Images courtesy of Air de Paris, Paris. Photos by Marc Domage.
Is this a press release. I think not. It is an existence. The artist tells me they were born in 1984, an auspicious year, in New York, a commotional place and it is their first solo show. Currently they are living most of the year in Frankfurt because they are studying painting at the Staedelschule school and will complete that in 2017. Though I’ve known this painter less than ten years but more than five I’ve always been aware of Eliza Douglas as a tall androgynous American female with a quietly radiant mission that’s getting planned in the interior of them.
I, myself, was doing a gig at Staedelschule school last winter and since we are friends I went to Eliza Douglas’s studio. They showed me a video they had made of the poet Dorothea Lasky who was reading her work and I think there may have been a trap door out of which the apparitional poet stepped out and declaimed. Maybe it is because I am a poet that I thought it but I felt that Dorothea Lasky was a devil stepping out of hell and I was very aware that Eliza Douglas had created the bright doorway through which the devil might come. And go. In Eliza’s studio I thought about bodies and how they are mysterious, vanishing, chimerical, always surprising. As I write this my own body must be here but I am as free of it as I ever am right now. I wonder if Eliza Douglas thought of themself as a super hero when they made this work.
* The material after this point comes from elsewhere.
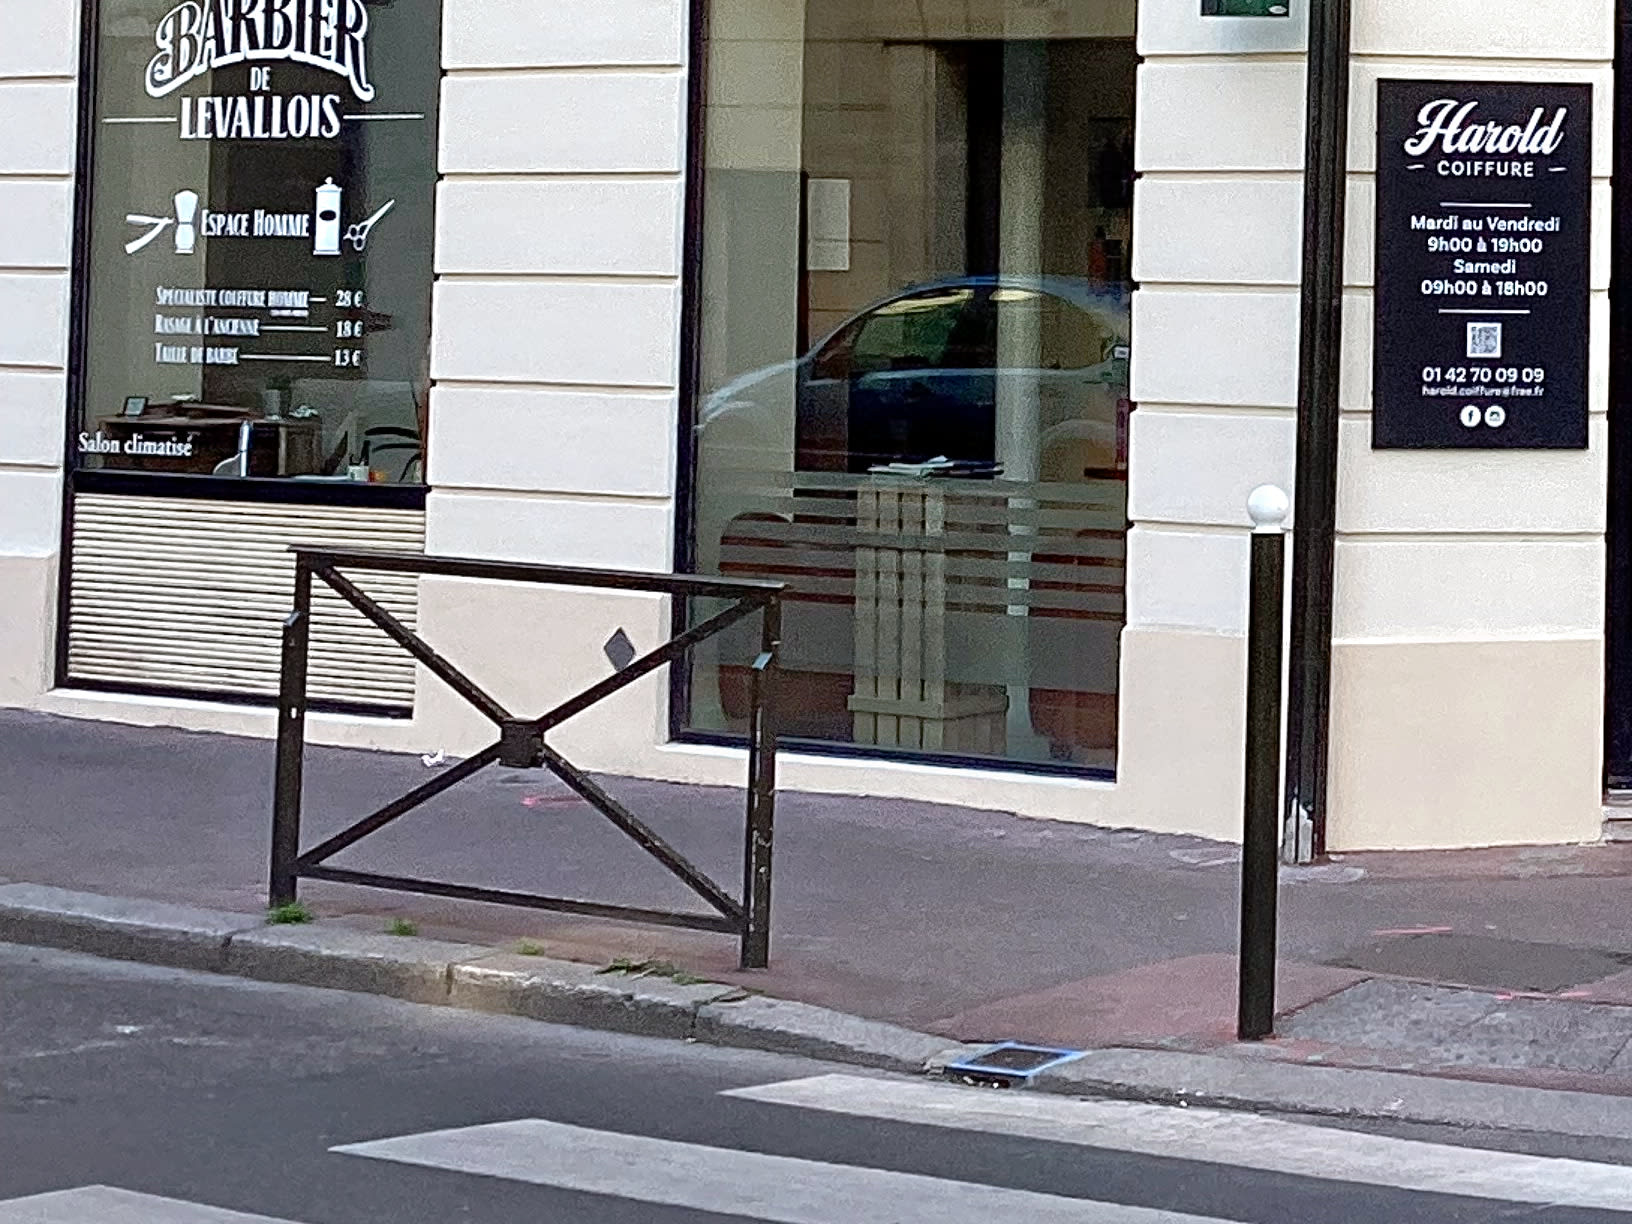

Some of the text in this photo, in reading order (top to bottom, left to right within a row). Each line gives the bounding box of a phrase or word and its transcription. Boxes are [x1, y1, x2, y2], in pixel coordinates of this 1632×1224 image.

I think of that comic-book character who elongated his arms at will, rescuing people, wrapping his stretchy limbs around a thief and making a smart remark like not so fast big guy. Comic super heroes are always both funny & noir, an American tone. Eliza’s humble fantastic paintings don’t strike me as particularly American work. They are as jokey like the poet springing out of the door because a painting historically is made by a hand and yet Eliza Douglas hired other painters to render the perfect Caucasian hands; perhaps a pair of
frank feet also root her impossible and witty structure in the ground. The paint streak that Eliza Douglas makes next that is sprouting from the hands is genital in its muscular reach, a dumb fountain in the middle of the park portraying nothing but the ambition to spout water, passionately wondering if it is enough yet magical in its simplicity, in its enigmatic act: to be, and to deliberately appear as something human, a letter, deranged, but activated by a wish to put “hand” to paint. I can talk about one painting or all her paintings but whatever I do, they sizzle expectantly because these paintings are the youngest, coolest and the most antique. At once. What they’ve got is the wish to make art; unabashedly connecting this to that, employing the robotics of paint to start painting. These paintings make me want to laugh because they are all joy. They pulled it off, tricking the puppet of painting into coming alive again with so much less than you’d expect could do so much. It’s good to be here. We are standing in Eliza Douglas’s humble and iridescent new show. It is quest itself. It begins in the darkness of the cave and is waking up. Like the poet they are stepping out. All around the painter is day – a baby cries at the start but an adult laughs. I hear that laughter now. Yep they s-t-r-e-tc-h and they’re up. What a day!